Du long, du très long, du trop long discours de clôture de l’assemblée plénière des évêques de France, réunis à Lourdes du 5 au 10 novembre dernier, que faut-il retenir ? Dans le Figaro (11 novembre 2019), Jean-Marie Guénois, le chroniqueur religieux du quotidien parisien, notait que Mgr Éric de Moulins-Beaufort, archevêque de Reims, élu président de la Conférence des évêques de France en avril dernier, avait abordé « tous les sujets d’actualité : lutte contre la pédophilie, “écologie intégrale” (…) voile musulman, immigration ». « Pas de mot en revanche, indique encore le journaliste, sur la question de la chute des vocations sacerdotales et sur la réforme des séminaires, pourtant au programme de cette assemblée. »

À la vérité, c’est encore peu que de noter l’absence des thèmes annoncés. Dans une Église qui s’interroge en synode sur l’ordination éventuelle de viri probati (cf. l’instrumentum laboris du synode sur l’Amazonie) ou qui préconise l’ordination de diacres permanents (cf. le document final du même synode), il est compréhensible que l’annonce sur la chute des vocations sacerdotales ait été renvoyée à plus tard et que la réforme des séminaires disparaisse des écrans radars. 

Le plus grave n’est pas tellement là.

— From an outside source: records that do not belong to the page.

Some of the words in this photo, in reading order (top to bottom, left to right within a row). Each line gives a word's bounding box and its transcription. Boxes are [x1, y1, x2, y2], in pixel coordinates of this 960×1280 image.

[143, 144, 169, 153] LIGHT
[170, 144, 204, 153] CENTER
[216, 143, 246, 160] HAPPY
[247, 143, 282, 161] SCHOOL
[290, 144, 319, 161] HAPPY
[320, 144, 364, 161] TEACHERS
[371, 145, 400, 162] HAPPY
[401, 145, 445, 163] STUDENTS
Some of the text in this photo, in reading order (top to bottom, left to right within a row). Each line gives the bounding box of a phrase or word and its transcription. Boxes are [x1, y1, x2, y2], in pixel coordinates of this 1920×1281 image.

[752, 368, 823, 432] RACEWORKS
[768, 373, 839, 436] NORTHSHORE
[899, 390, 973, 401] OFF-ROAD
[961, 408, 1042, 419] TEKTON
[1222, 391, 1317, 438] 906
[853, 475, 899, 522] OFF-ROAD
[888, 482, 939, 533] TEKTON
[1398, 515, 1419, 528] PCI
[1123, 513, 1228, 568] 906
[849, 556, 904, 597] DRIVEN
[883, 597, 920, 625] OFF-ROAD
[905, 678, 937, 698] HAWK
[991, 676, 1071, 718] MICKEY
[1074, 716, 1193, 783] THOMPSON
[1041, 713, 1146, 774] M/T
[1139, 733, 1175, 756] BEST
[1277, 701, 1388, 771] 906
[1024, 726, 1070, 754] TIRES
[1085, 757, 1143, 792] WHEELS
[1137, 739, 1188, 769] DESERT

Confessons-le, même si c’est réellement avec douleur : il y a longtemps que nous sommes habitués aux propos lénifiants des responsables de la Conférence des évêques de France, quels qu’ils soient. L’archevêque de Reims a donc beau jeu de discourir sur le fait que le rôle des évêques n’est pas « de préserver des structures » et d’assimiler à celles-ci l’Église elle-même… Il a beau jeu encore de se réjouir de la synodalité en œuvre et d’inviter « à édifier l’Église comme unité dans la diversité » alors même que des pans entiers de celle-ci sont laissés aux marges. Et il a toujours beau jeu de nous appeler à « la conversion écologique » et de dénoncer les conditions de vie dans les pays industrialisés.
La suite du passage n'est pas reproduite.